Year: 2005
Location: Edmonton
Profile: Bev Dick, before her retirement in 2013, had been a UNA activist since its founding and served as first vice-president from 1995 to 2013. Dick graduated from the St. Michael’s School of Nursing in Lethbridge in 1973. She and her husband moved to Edmonton where she began her nursing career at the Misericordia Hospital. Soon after, she was asked to be a ward representative for the Staff Nurses Association of the Alberta Association of Registered Nurses. Most nurses found the ability of the AARN, the Albert disciplinary body for nurses, to negotiate their salaries and working conditions to be inadequate. In 1979, two years after UNA formed, Dick was elected as the Local president for the Misericordia. She became district representative from 1988 to 1995 before becoming vice-president.

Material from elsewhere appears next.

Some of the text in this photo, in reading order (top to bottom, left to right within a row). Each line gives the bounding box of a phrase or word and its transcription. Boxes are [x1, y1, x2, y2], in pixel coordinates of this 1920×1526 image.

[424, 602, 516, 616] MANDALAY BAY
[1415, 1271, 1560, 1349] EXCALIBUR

Dick discusses the physical and emotional abuse that she experienced as a nurse and UNA’s efforts to establish rules to protect nurses from harassment by employers, patients, and patient family members. She also talks about the threats that some nurses faced from their own spouses for participating in illegal strikes and about the nurses having to protect a UNA member from her physically abusive husband while picketing during the 1988 strike.
Keywords: Abuses faced by nurses on the job; Alberta Association of Registered Nurses; District representative; Local president; Misericordia Hospital; Nursing shortage; Nursing strikes, 1980, 1982, 1988; St. Michael’s School of Nursing; Staff Nurses Association; Vice-president, UNA.